Unzweifelhaft aber gibt es genug Leute, die gerade in einer blau-gelben Besoffenheit versinken, in der jegliche Maßstäbe abhanden kommen und die eine durchaus gefährliche Stimmung erzeugen können. Die Politik hält sich glücklicherweise weitgehend zurück; Ausnahmen wären hier so etwas wie die Forderungen zur nuklearen Abschreckung von Ruprecht Polenz, der aber nicht eben zur ersten Reihe aktiver Politiker*innen zählt. In anderen Ländern sind die Leute leider weniger zurückhaltend, ob Analysten oder Republicans wie Lindsay Graham, die schon mal eine Flugverbotszone (!) oder die Ermordung Putins durch die CIA (!!) fordern.
Anders dagegen sieht es leider im rechtsbürgerlichen Medienspektrum aus. Gerade Lübberdings eigener Arbeitgeber, der Springer-Konzern, steht da ganz vorne dabei.
So etwa Matthias Döpfner. Der Konzernchef persönlich fordert in einem BILD-Leitartikel den Einmarsch der NATO in Kiew. Soldaten des Bündnisses sollen die Stadt gegen anrückende russische Truppen verteidigen. Das ist eine Narretei, die ihresgleichen sucht, bei der sogar die NZZ Schnappatmung bekommt.
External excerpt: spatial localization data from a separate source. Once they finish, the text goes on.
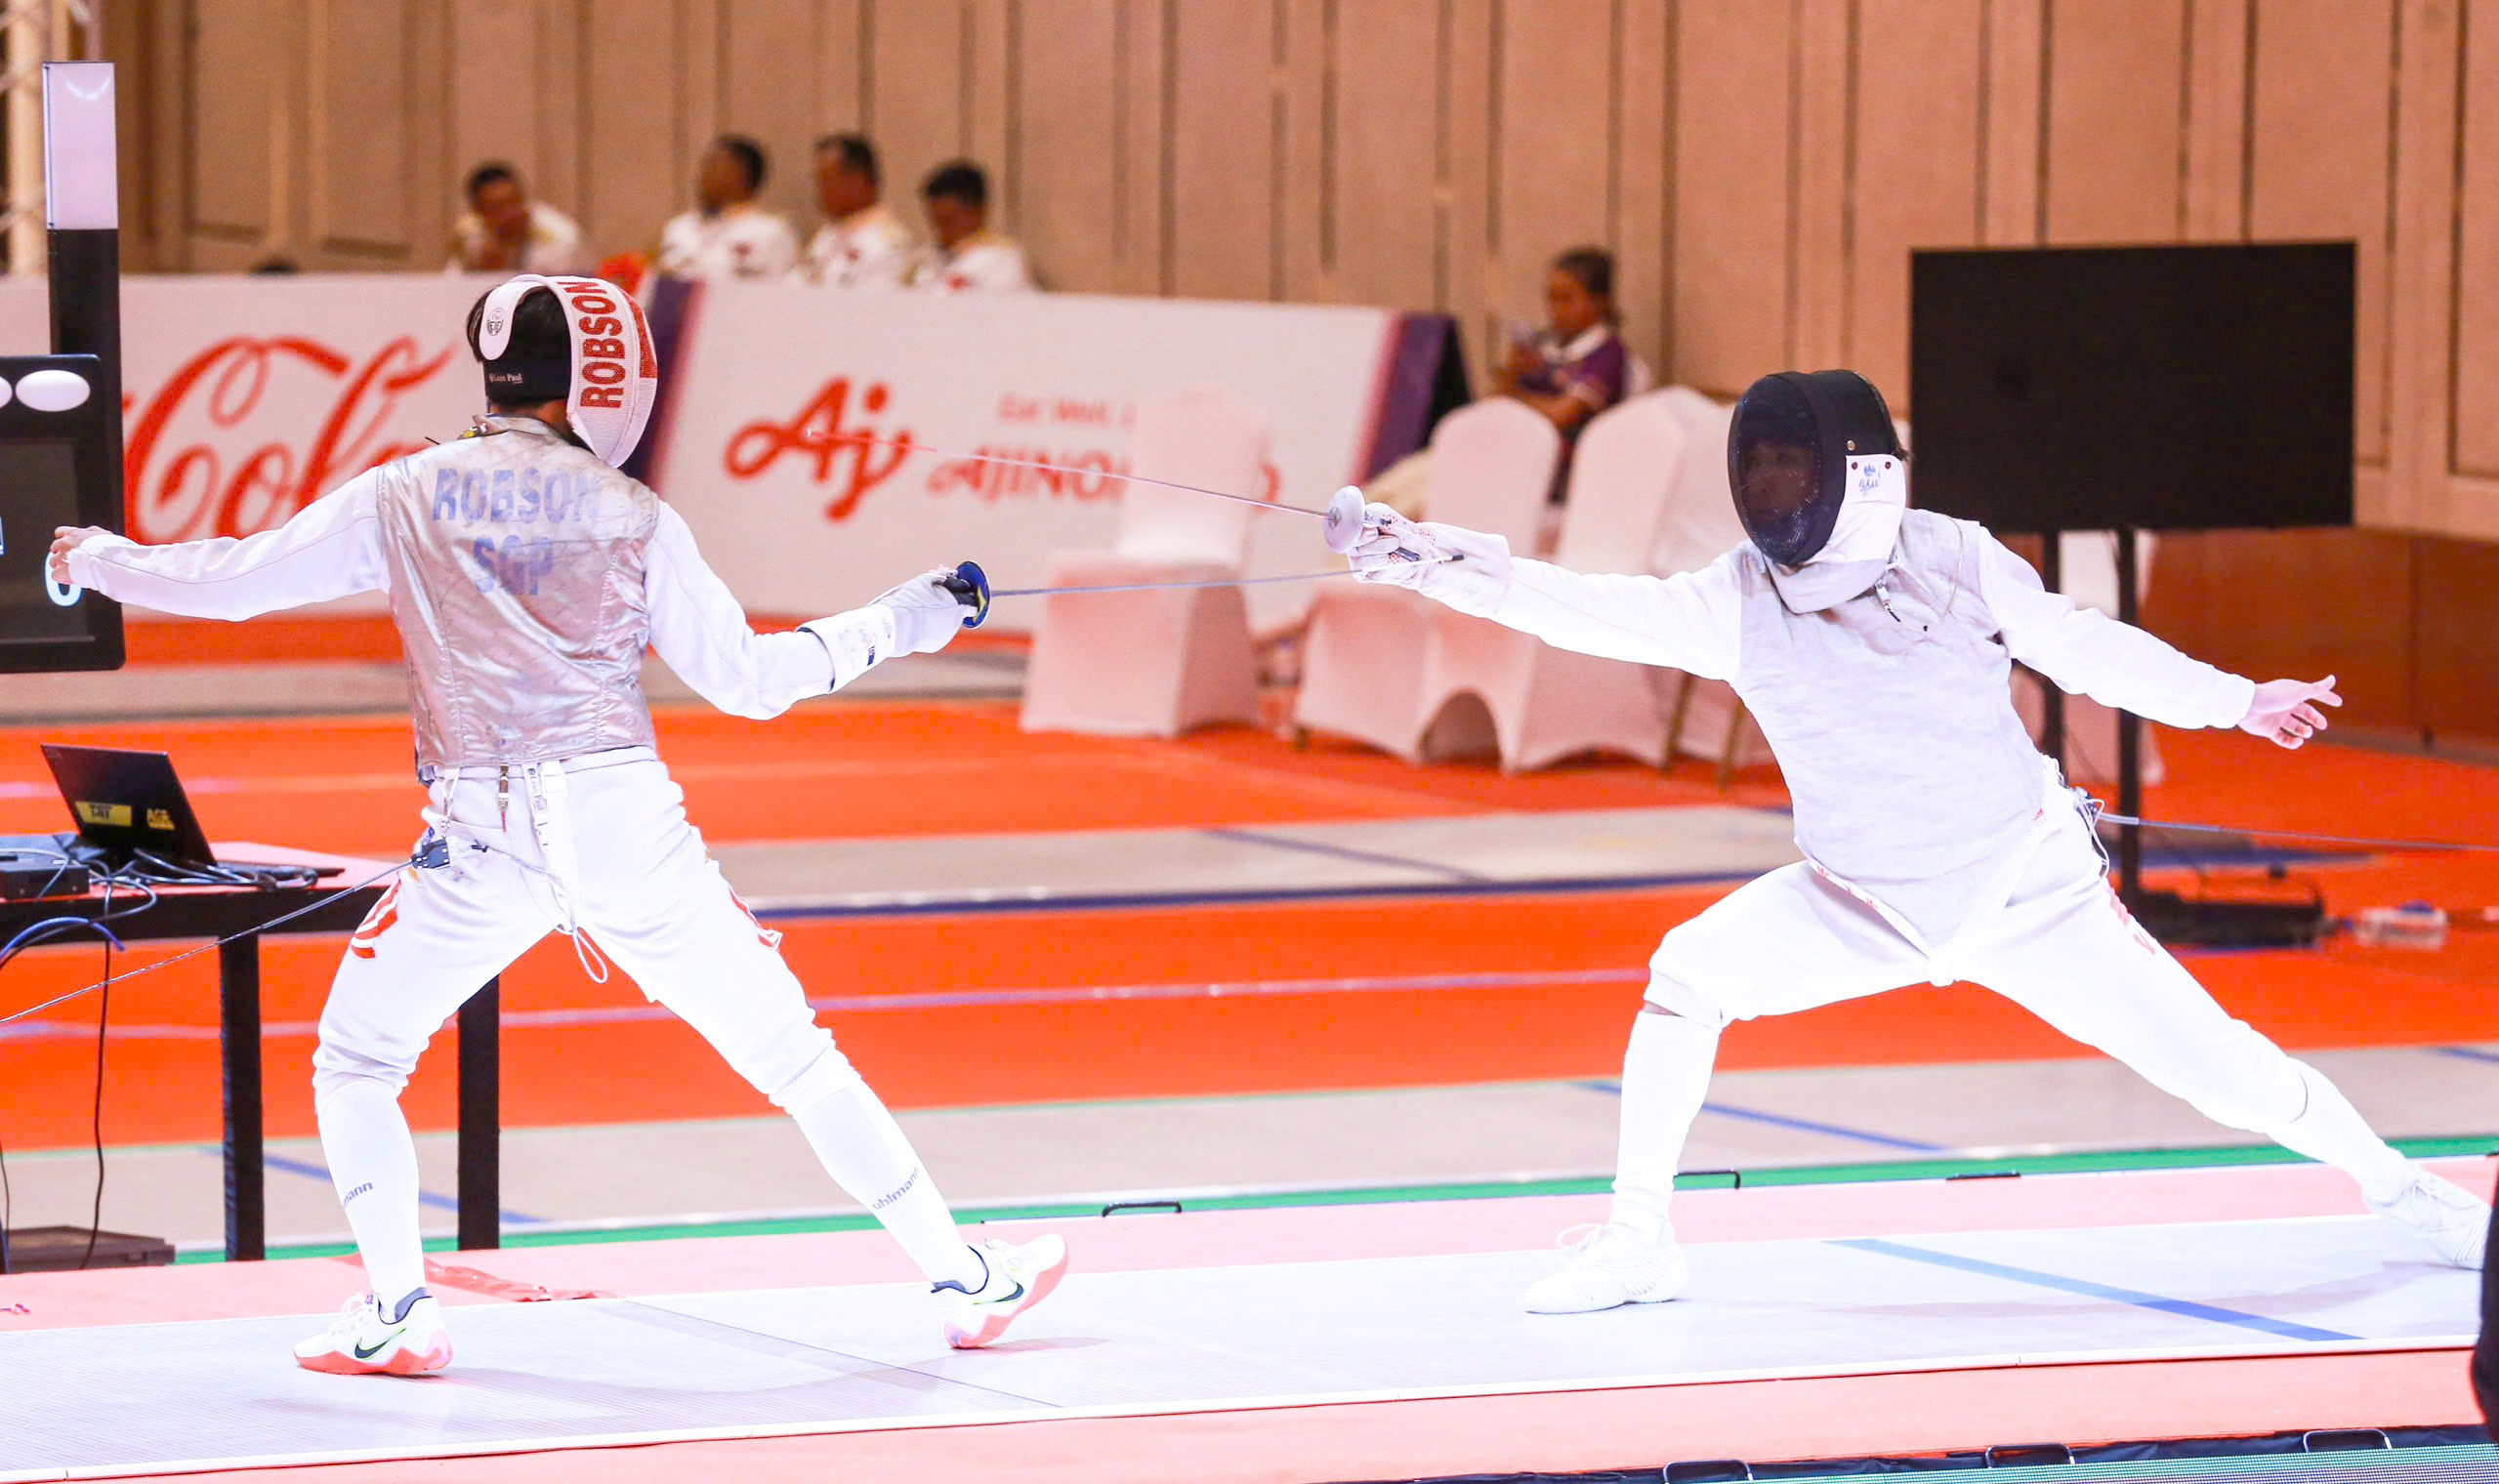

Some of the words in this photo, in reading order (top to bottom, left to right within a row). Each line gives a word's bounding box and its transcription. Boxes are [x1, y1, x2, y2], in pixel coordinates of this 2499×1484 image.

[557, 281, 626, 408] ROBSON
[123, 335, 463, 547] Col
[724, 375, 912, 522] Aj
[433, 468, 604, 523] ROBSON
[473, 534, 554, 596] SGP
[871, 1167, 920, 1211] uhlmann
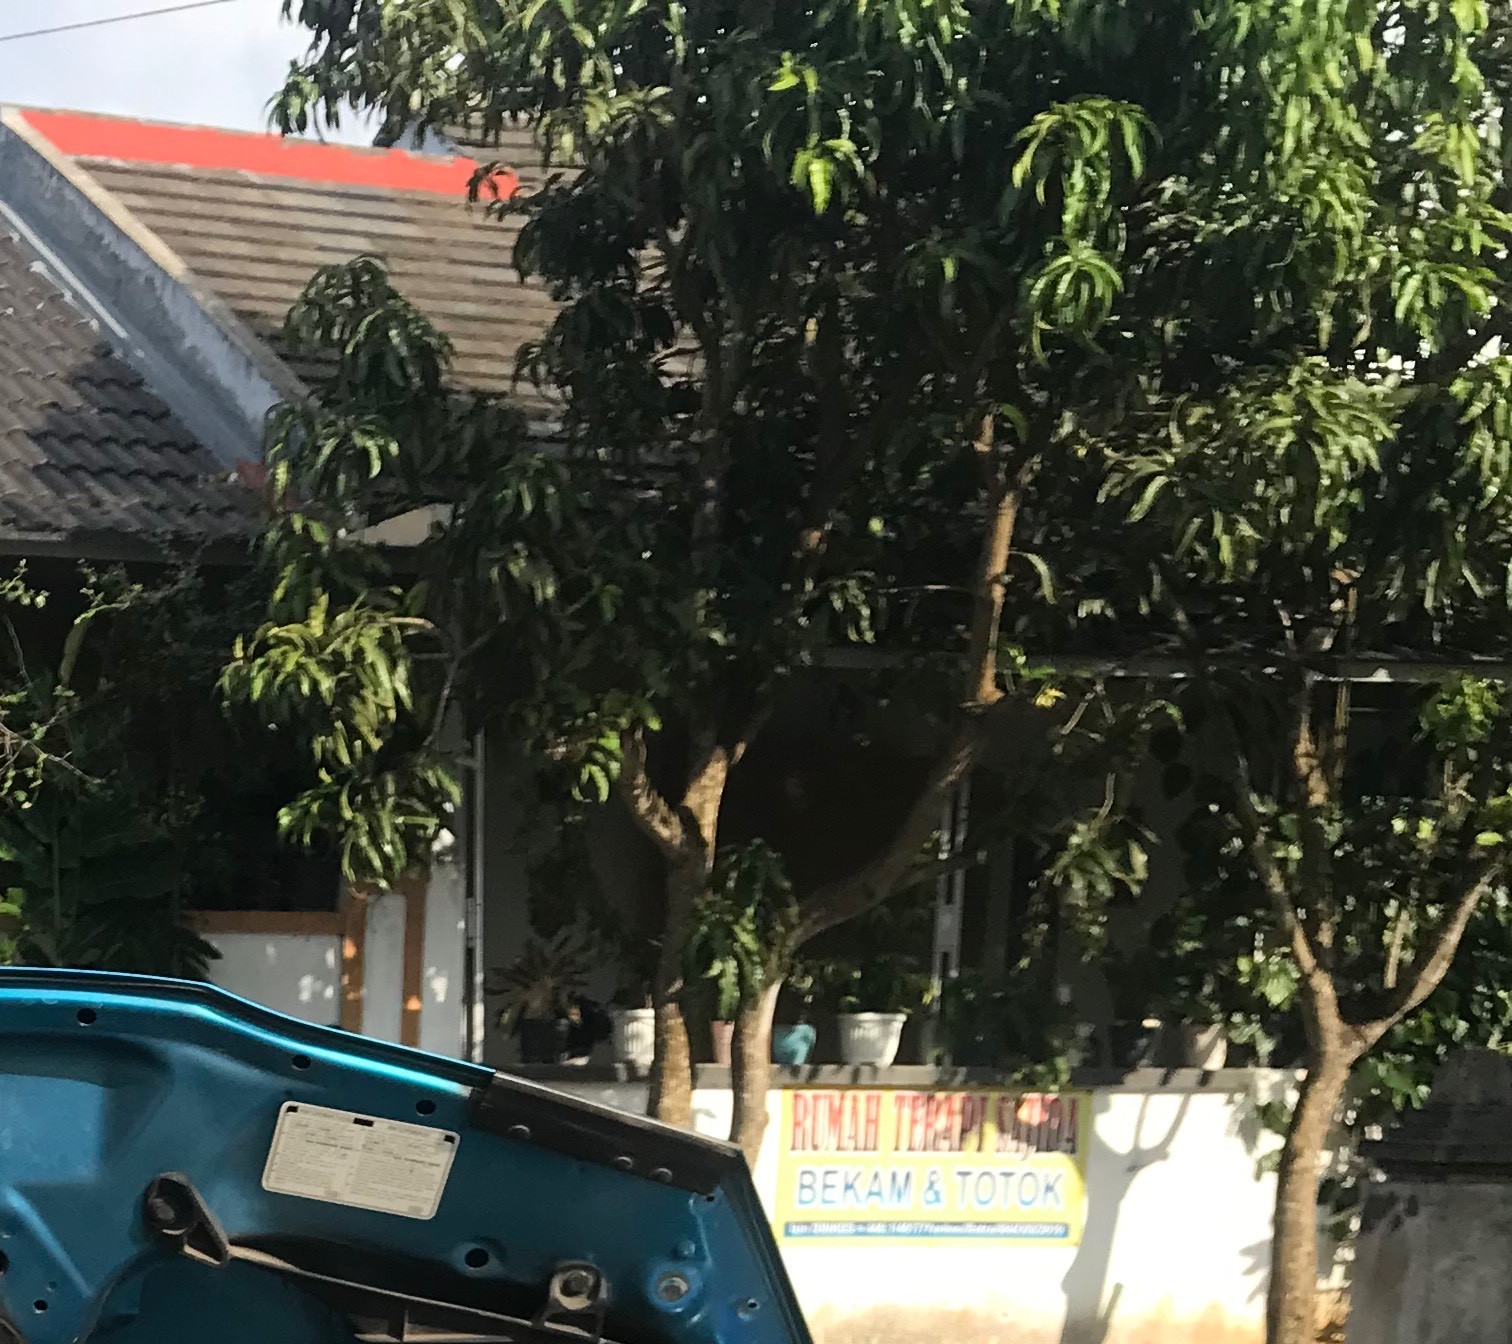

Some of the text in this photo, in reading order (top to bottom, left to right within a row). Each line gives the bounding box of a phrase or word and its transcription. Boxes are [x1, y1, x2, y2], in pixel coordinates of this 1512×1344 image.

[792, 1093, 883, 1151] RUMAH
[893, 1092, 989, 1151] TERAPI
[797, 1170, 1064, 1206] BEKAM & TOTOK
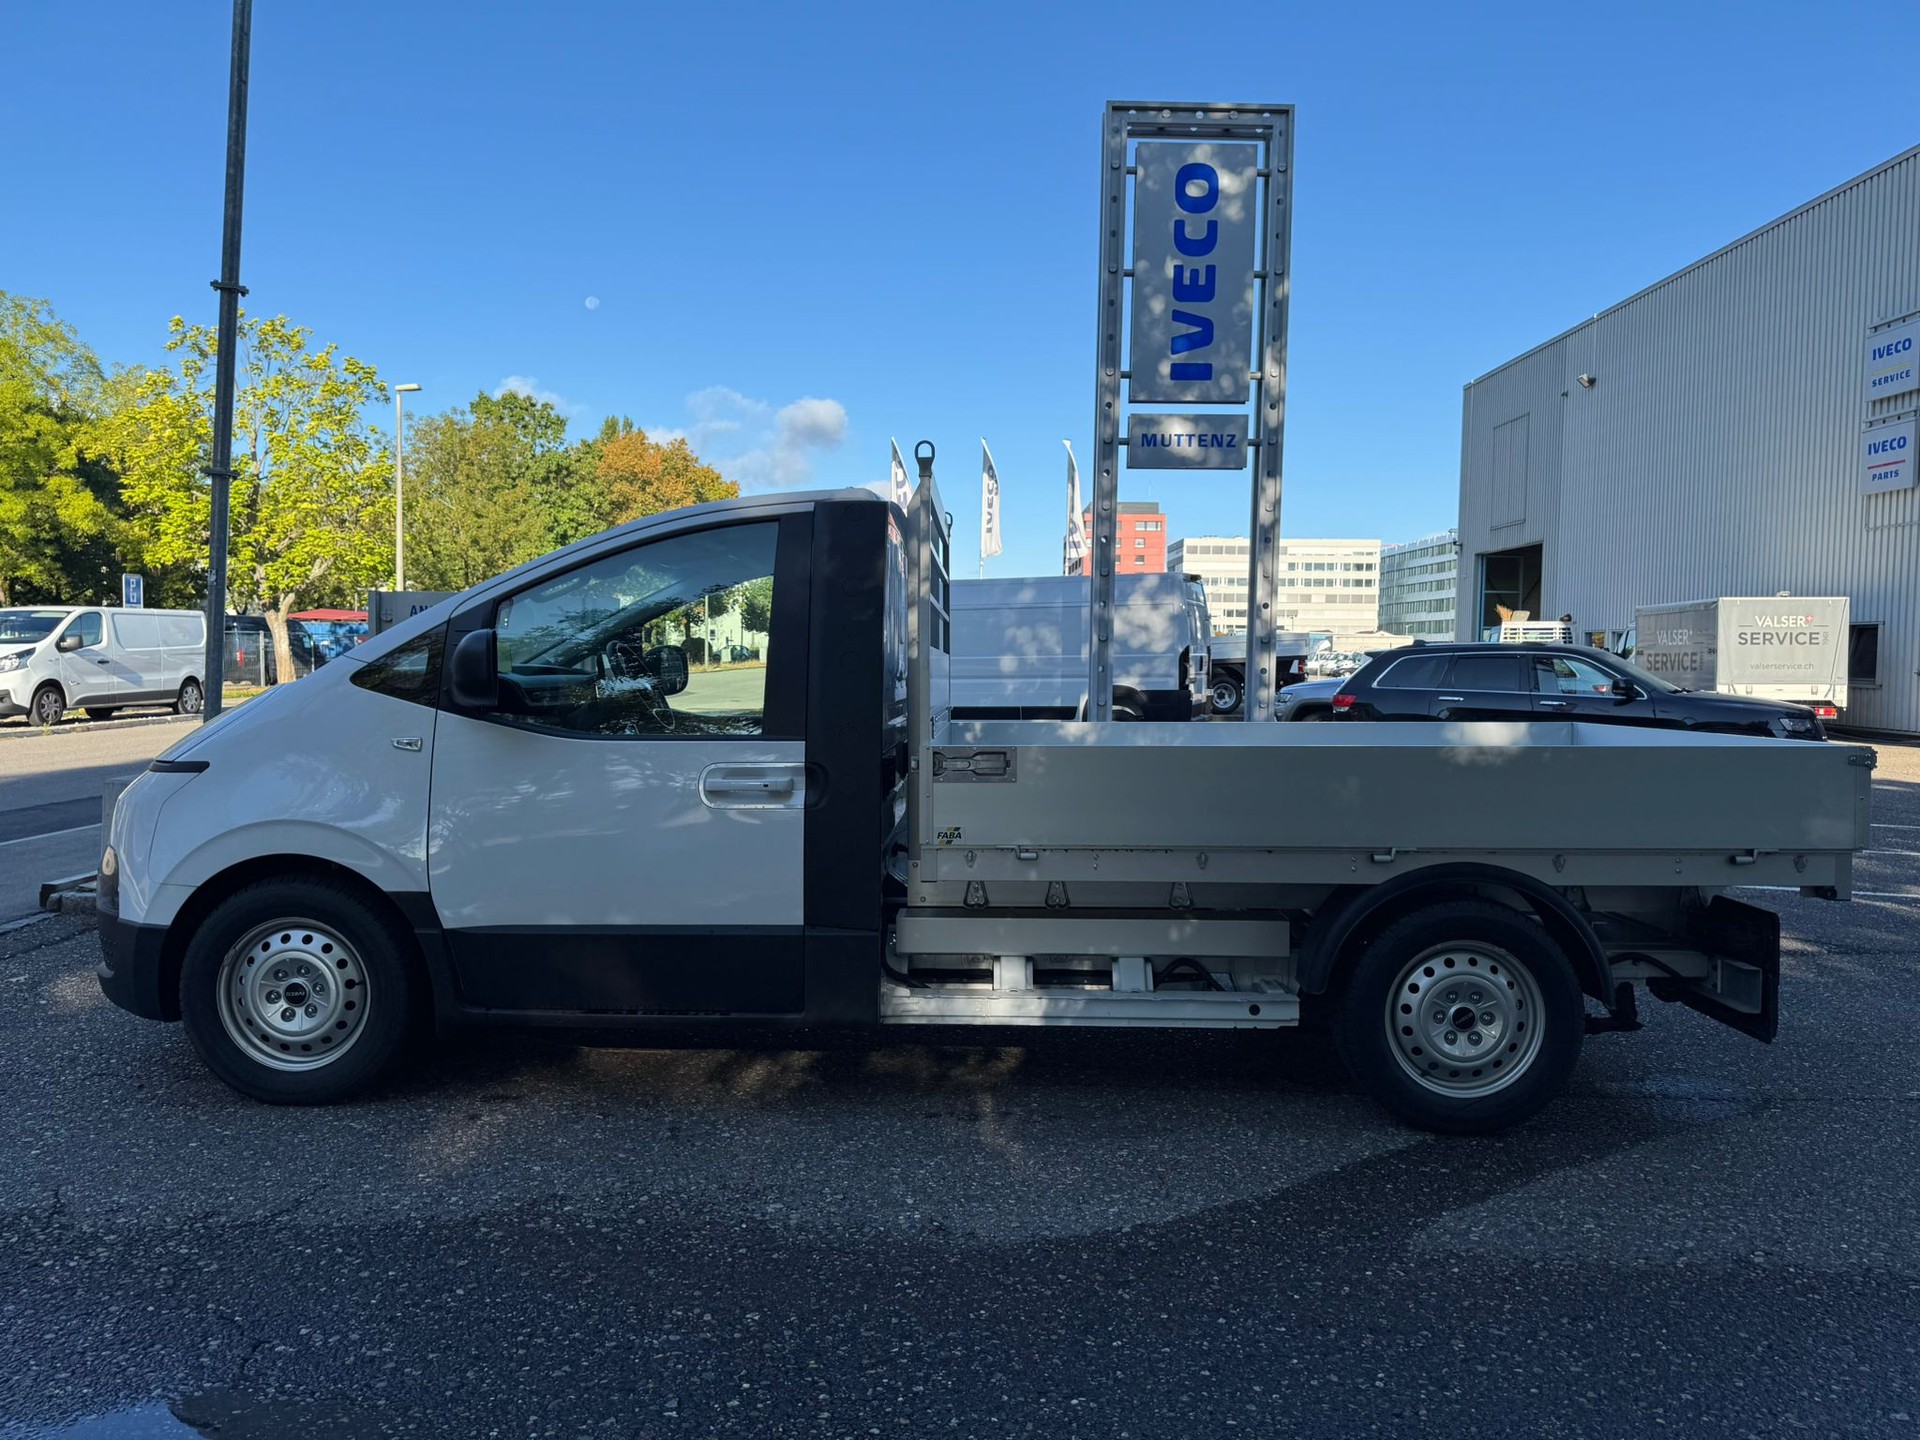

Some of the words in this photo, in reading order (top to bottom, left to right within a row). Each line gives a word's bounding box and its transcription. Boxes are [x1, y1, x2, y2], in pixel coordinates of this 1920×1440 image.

Der Hausberichterstatter von der Front, BILD-Reporter Julian Röpcke, entschuldigt schon mal vorab Kriegsverbrechen: "jeder sollte sich fragen, was er in so einer Situation machen würde". Dieses Imaginieren in die Rolle (natürlich männlicher) Widerstandskämpfer gegen die Horden aus dem Osten ist dabei kein Prärogativ der Springer-Leute, sondern geistert durch die kompletten sozialen Netzwerke. Der falsch verstandene Überschwung reicht auch gerne soweit wie im Falle von Stern-Redakteuren, die zu Straftaten aufrufen, natürlich alles im Geiste der guten Sache. Als wäre digitale Sabotage russischer Server dasselbe wie die Blockade eines Castortransports in Deutschland.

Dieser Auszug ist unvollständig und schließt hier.